19. In the case of Kanampiu M’Rimberia v Julius Kathane & 3 others [2019] eKLR, this court was dealing with a situation whereby the claimant appears to have opted to seek redress in a court of law instead of pursing his appeal before the minister after objection proceedings. I held thus;
“This is a situation whereby the plaintiff simply shunned the appeal proceedings before the minister, yet the decision of the minister is the final stage of determination of rights and interest in land under adjudication process. The bottom line of this matter is that the rectification of the register pursuant to the A/R Objection proceedings is grounded in law under section 26 of the Act. As a matter of fact, under section 27 of the Act, the register is taken to be final ONLY SUBJECT TO APPEAL. The adjudication officer is required to send the adjudication register with particulars thereof to the Director of adjudication for onward transmission to the chief Land Registrar to facilitate the issuance of title deeds. It was therefore not open for the plaintiff to opt to come before this court. Recourse lies with the Minister. My conclusion is that this court has no jurisdiction to determine the dispute at hand”

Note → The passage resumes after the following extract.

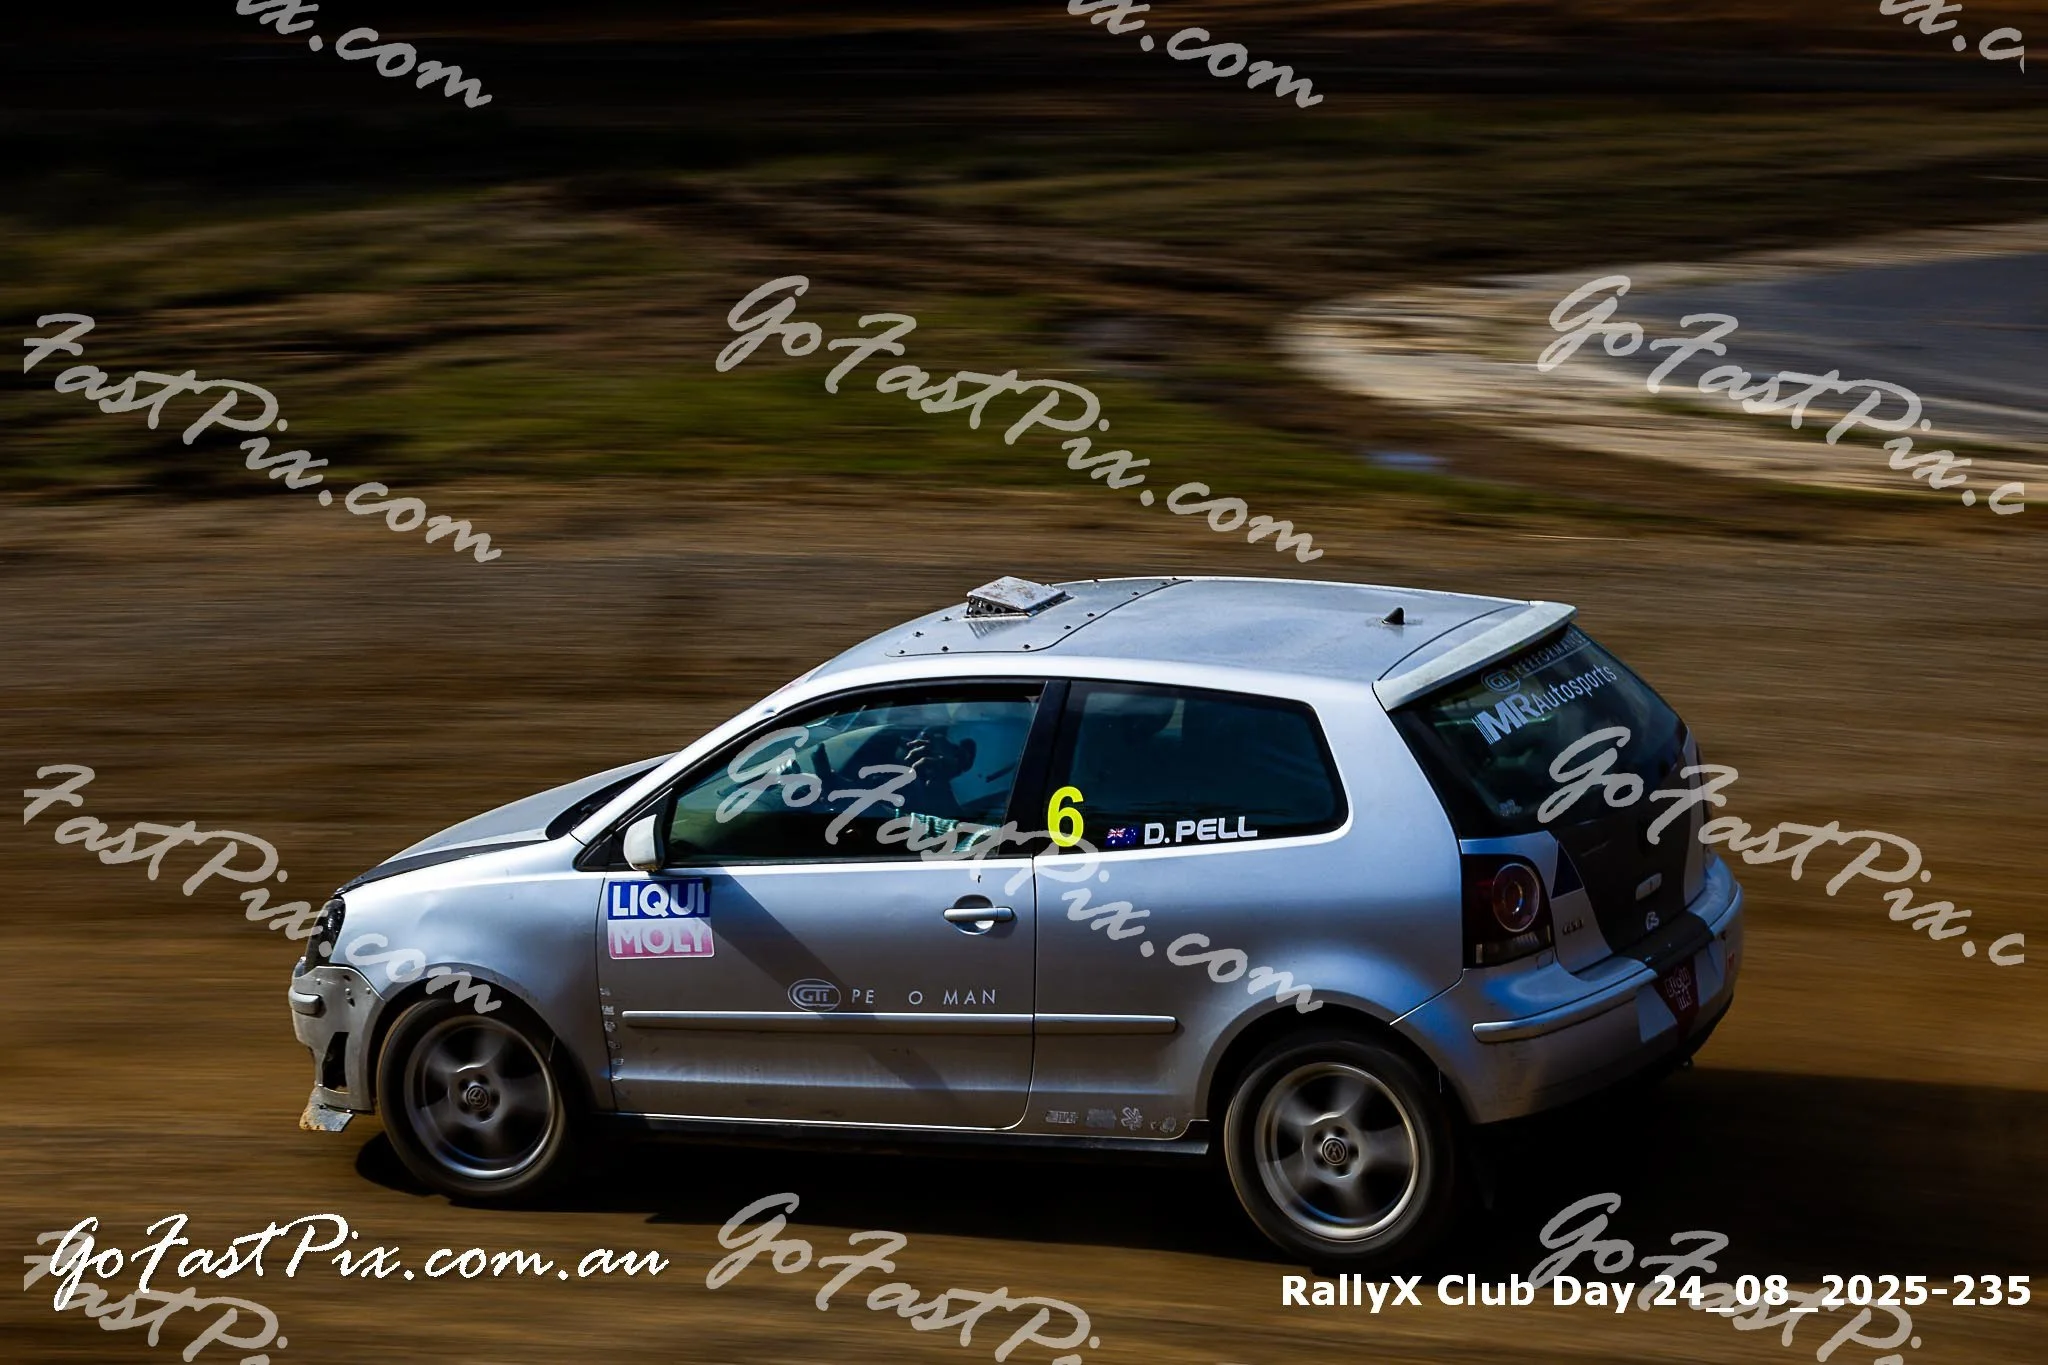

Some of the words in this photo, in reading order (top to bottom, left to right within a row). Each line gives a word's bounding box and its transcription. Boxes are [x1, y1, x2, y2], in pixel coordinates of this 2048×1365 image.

[1047, 786, 1084, 847] 6
[612, 883, 705, 918] LIQUI
[611, 923, 706, 955] MOLY

20. It is not the place of this court sitting in its appellate forum to examine whether the DLASO had the mandate to conduct the objection case, nor can this court delve into the issue of inheritance in relation to the property of the deceased M’Mucheke Mucheke. I conclude that the trial magistrate arrived at a correct finding in stating that the appellant ought to have followed the dispute resolution mechanisms provided for under the adjudication statutes in challenging the decision of the DLASO. As such, I do opine that the appeal is unmerited. The same is hereby dismissed with costs to the 1st respondent.
DATED, SIGNED AND DELIVERED AT MERU THIS 7TH DAY OF JULY, 2021
HON. LUCY. N. MBUGUA
ELC JUDGE
ORDER
The date of delivery of this Judgment was given to the advocates for the parties through a virtual session via Microsoft teams on 9. 4.2021. In light of the declaration of measures restricting court operations due to the COVID-19 pandemicand following the practice directions issued by his Lordship, the Chief Justice dated 17th March, 2020 and published in the Kenya Gazette of 17th April 2020 as Gazette Notice no.3137, this Judgment has been delivered to the parties by electronic mail. They are deemed to have waived compliance with order 21 rule 1 of the Civil Procedure Rules which requires that all judgments and rulings be pronounced in open court.